Claim One initially appears to present a closer question, but, upon closer inspection, is obviously meritless. In this Claim, petitioner asserts that "the Danville police & court charge[d] [petitioner] with one B&E in Chatham VA" and states that the crime actually occurred in Danville. See Dkt. No. 9, p. 5. It seems that, in raising this claim, petitioner sought to call into question whether he had been prosecuted in the proper venue. But because petitioner asserts that the "B&E" in question occurred in Danville, not Chatham, and because petitioner was convicted in the Circuit Court for the City of Danville, there appears to have been no error.
In any case, the record does not support petitioner's claim that he was charged for activity that occurred outside of the City of Danville. Attached as Exhibit B to respondent's motion to dismiss is a "written stipulation" submitted by the state in petitioner's criminal case. See Dkt. No. 19-2. This document notes that each incident for which petitioner had been charged "happened inside the City of Danville." See id. Consequently, to the extent petitioner sought to argue that he was improperly prosecuted in an incorrect venue, such a claim is factually incorrect. Petitioner is thus not entitled to relief.
Conclusion and Order
For the reasons stated above, respondent's motion to dismiss [Dkt. No. 18] is GRANTED, and it is hereby
ORDERED that the petition for writ of habeas corpus be and is DISMISSED; and it is further
ORDERED that petitioner's motion for leave to proceed in forma pauperis [Dkt. No. 10] be and is DENIED.

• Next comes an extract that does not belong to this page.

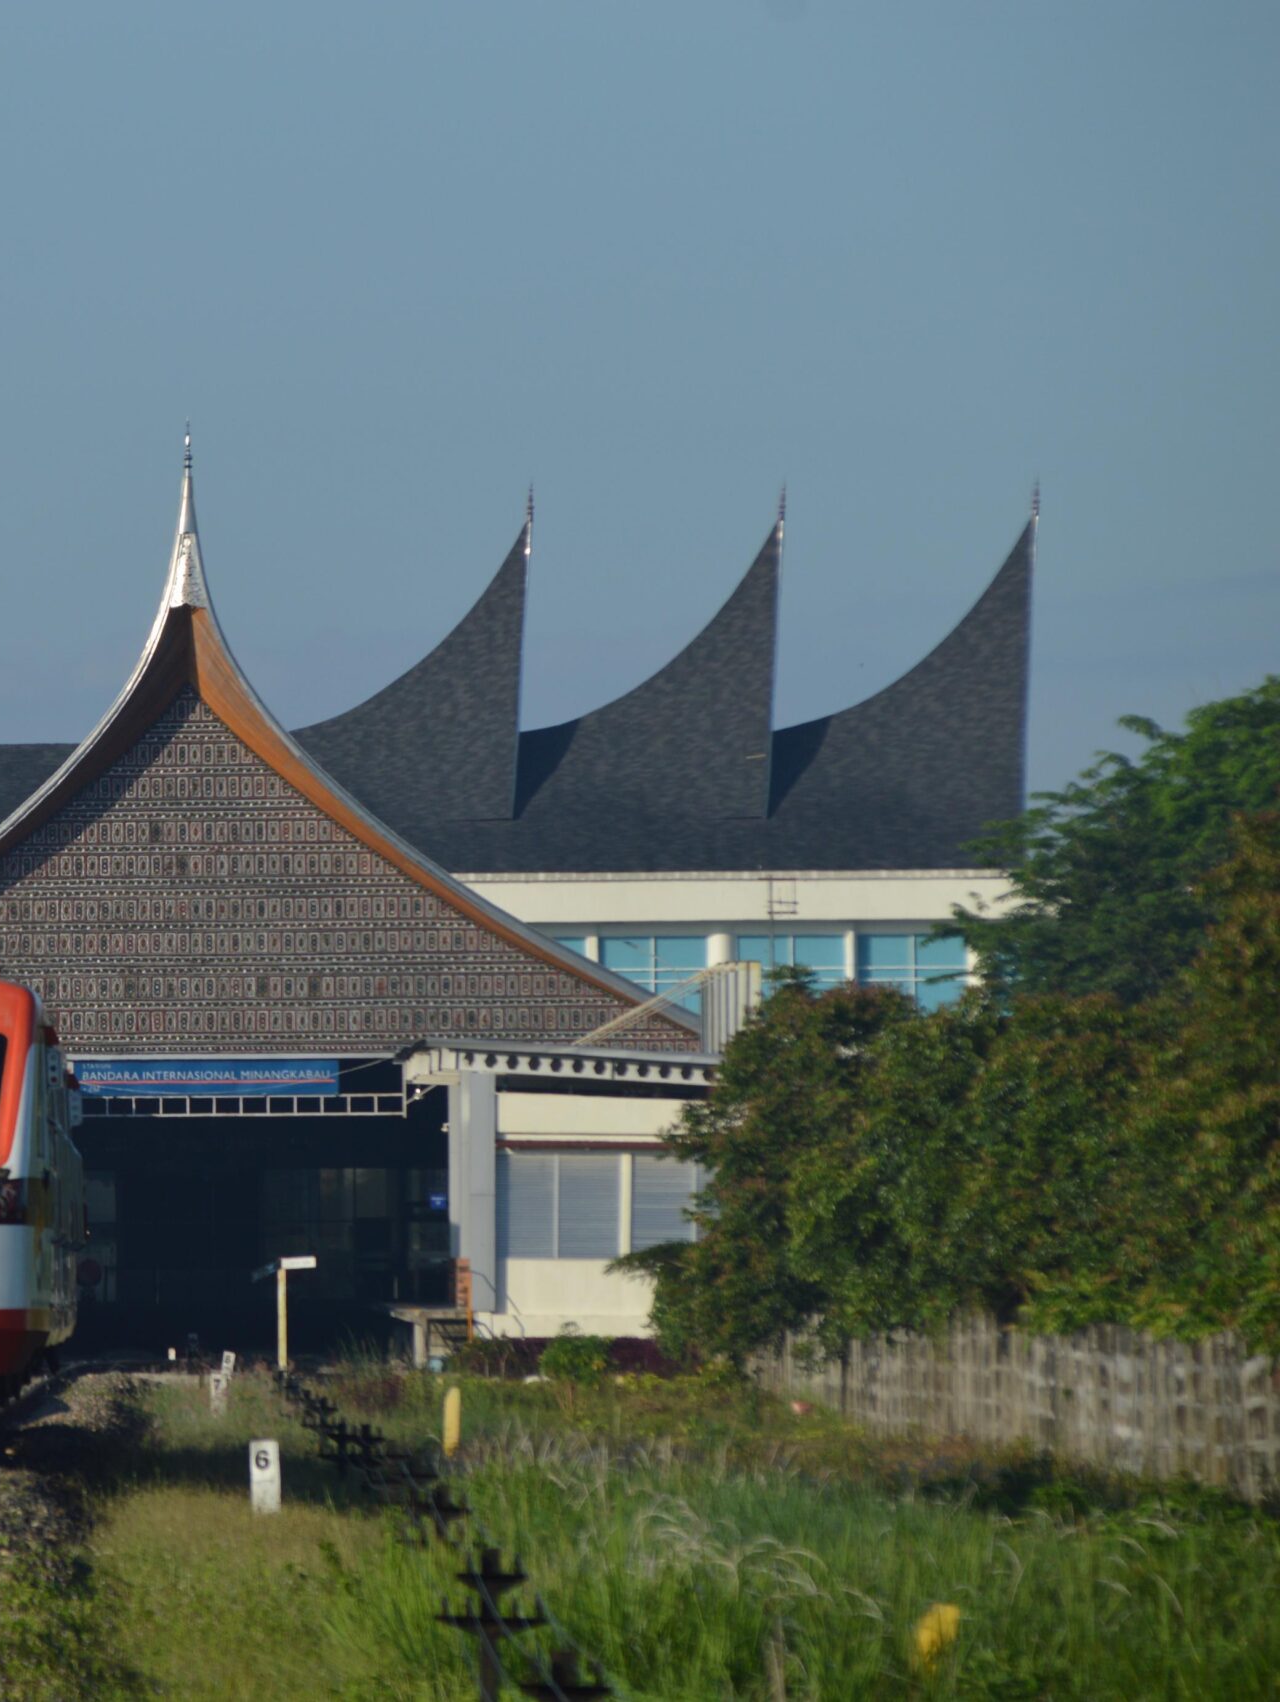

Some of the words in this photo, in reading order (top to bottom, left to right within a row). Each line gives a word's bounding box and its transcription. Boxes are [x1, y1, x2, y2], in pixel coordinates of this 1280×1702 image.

To appeal this decision, petitioner must file a written notice of appeal with the Clerk's Office within thirty (30) days of the date of this Order. See Fed. R. App. P. 4(a). A written notice of appeal is a short statement indicating a desire to appeal this Order and noting the date of the Order petitioner wants to appeal. Petitioner need not explain the grounds for appeal until so directed by the Court Failure to file a timely notice of appeal waives the right to appeal this decision. Petitioner must also request a certificate of appealability from a circuit justice or judge. See 28 U.S.C. § 2253 and Fed. R. App. P. 22(b). This Court expressly declines to issue such a certificate for the reasons stated in the Memorandum Opinion.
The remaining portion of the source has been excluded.